What the task requires:
Please write out the entire listing below exactly, excluding its pictures.

Entries provided:
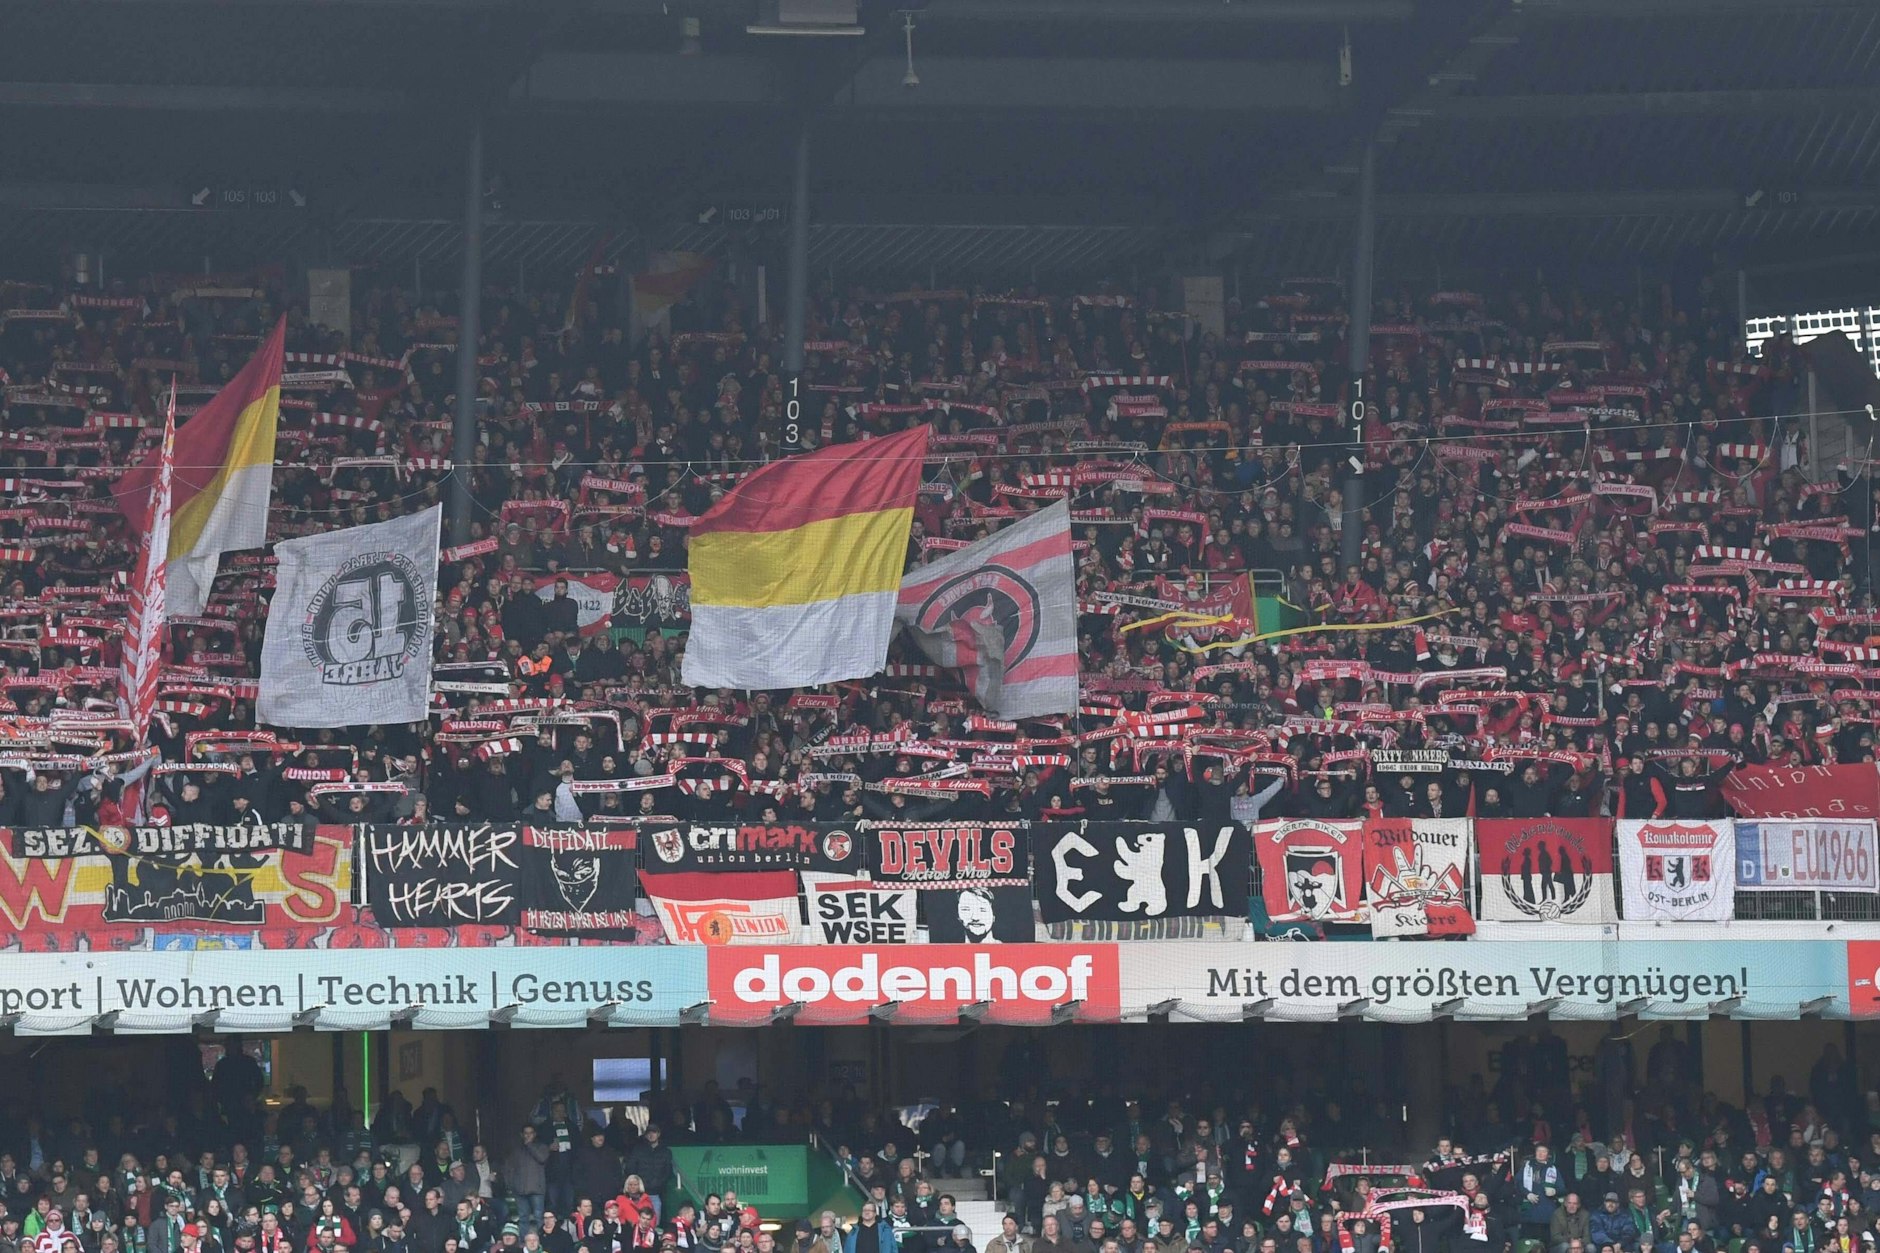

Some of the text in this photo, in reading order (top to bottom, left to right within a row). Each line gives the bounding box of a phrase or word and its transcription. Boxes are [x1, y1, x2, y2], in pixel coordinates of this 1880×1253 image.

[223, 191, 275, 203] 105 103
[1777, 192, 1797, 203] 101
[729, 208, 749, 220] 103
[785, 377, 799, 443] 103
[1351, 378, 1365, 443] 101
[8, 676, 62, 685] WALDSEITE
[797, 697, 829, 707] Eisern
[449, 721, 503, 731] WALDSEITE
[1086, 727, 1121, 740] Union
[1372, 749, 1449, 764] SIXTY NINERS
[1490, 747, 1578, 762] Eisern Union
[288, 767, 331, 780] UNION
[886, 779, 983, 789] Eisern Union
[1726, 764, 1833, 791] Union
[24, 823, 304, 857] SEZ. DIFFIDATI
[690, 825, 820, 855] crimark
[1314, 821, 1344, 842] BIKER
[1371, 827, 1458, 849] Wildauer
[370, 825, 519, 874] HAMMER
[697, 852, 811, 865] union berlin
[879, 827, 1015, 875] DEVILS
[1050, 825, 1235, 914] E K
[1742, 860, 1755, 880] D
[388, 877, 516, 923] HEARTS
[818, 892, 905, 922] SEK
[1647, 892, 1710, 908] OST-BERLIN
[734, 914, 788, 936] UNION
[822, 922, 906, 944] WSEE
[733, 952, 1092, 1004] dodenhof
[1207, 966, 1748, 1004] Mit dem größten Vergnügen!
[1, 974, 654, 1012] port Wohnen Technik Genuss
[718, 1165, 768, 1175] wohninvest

Written response:
Some of the text in this photo, in reading order (top to bottom, left to right within a row). Each line gives the bounding box of a phrase or word and its transcription. Boxes are [x1, y1, x2, y2], in pixel coordinates of this 1880×1253 image.

[223, 191, 275, 203] 105 103
[1777, 192, 1797, 203] 101
[729, 208, 749, 220] 103
[785, 377, 799, 443] 103
[1351, 378, 1365, 443] 101
[8, 676, 62, 685] WALDSEITE
[797, 697, 829, 707] Eisern
[449, 721, 503, 731] WALDSEITE
[1086, 727, 1121, 740] Union
[1372, 749, 1449, 764] SIXTY NINERS
[1490, 747, 1578, 762] Eisern Union
[288, 767, 331, 780] UNION
[886, 779, 983, 789] Eisern Union
[1726, 764, 1833, 791] Union
[24, 823, 304, 857] SEZ. DIFFIDATI
[690, 825, 820, 855] crimark
[1314, 821, 1344, 842] BIKER
[1371, 827, 1458, 849] Wildauer
[370, 825, 519, 874] HAMMER
[697, 852, 811, 865] union berlin
[879, 827, 1015, 875] DEVILS
[1050, 825, 1235, 914] E K
[1742, 860, 1755, 880] D
[388, 877, 516, 923] HEARTS
[818, 892, 905, 922] SEK
[1647, 892, 1710, 908] OST-BERLIN
[734, 914, 788, 936] UNION
[822, 922, 906, 944] WSEE
[733, 952, 1092, 1004] dodenhof
[1207, 966, 1748, 1004] Mit dem größten Vergnügen!
[1, 974, 654, 1012] port Wohnen Technik Genuss
[718, 1165, 768, 1175] wohninvest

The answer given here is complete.